È finito dopo due settimane l’incubo che ha scosso le parrocchie della Ciociaria. Una donna di 59 anni, residente a Frosinone, è stata individuata e fermata dalle forze dell’ordine come presunta responsabile di una serie di raid sacrileghi ai danni di chiese tra il capoluogo e Alatri. L’operazione, coordinata dalla Procura di Frosinone, ha visto impegnati gli agenti della Digos e i carabinieri in un blitz all’alba che ha portato a una perquisizione domiciliare decisiva per le indagini.

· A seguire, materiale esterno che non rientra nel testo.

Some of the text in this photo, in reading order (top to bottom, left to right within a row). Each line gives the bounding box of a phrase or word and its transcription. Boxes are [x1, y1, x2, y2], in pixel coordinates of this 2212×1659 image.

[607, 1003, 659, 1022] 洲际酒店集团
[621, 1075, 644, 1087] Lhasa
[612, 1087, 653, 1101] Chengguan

Il blitz e le prove decisive
Gli investigatori hanno trovato nell’abitazione della donna elementi ritenuti determinanti: abiti e accessori compatibili con quelli ripresi dalle telecamere di sorveglianza durante le incursioni. Felpe, scarpe e borse che, secondo gli inquirenti, rappresentano la prova chiave per collegarla ai diversi episodi. L’analisi incrociata dei sistemi di videosorveglianza, sia pubblici sia privati, ha permesso di ricostruire con precisione gli spostamenti della sospettata, delineando un quadro investigativo ritenuto solido.

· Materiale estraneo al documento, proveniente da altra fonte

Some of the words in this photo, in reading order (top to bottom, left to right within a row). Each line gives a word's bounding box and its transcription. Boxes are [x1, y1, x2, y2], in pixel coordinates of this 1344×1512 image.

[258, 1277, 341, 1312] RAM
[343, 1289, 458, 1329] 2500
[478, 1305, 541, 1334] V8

Due settimane di profanazioni
La sequenza di episodi, concentrata nell’arco di pochi giorni, ha profondamente colpito le comunità locali. Il 10 aprile, nella chiesa di Santo Stefano ad Alatri, sono stati rubati un crocifisso in ottone, un rosario e una corona della Madonna. Nella stessa giornata, nel centro di Frosinone, la donna avrebbe preso di mira la chiesa di San Benedetto, danneggiando la statua di Padre Pio, per poi colpire anche la chiesa della Madonna della Neve, dove è stato sabotato l’impianto audio. L’ultimo episodio risale al 14 aprile, quando è stata danneggiata la statua della Madonna di Lourdes in via Madonna delle Rose, lasciando sgomenta la comunità dei fedeli.
Comunità sotto shock e indagini aperte
Gli atti vandalici avevano suscitato forte indignazione e preoccupazione tra i cittadini, colpendo simboli religiosi e luoghi di culto particolarmente sentiti. Ora, con l’identificazione della presunta responsabile, si apre la fase giudiziaria. Restano da chiarire i moventi alla base dei gesti, mentre gli inquirenti continuano gli accertamenti per verificare eventuali ulteriori responsabilità o episodi collegati.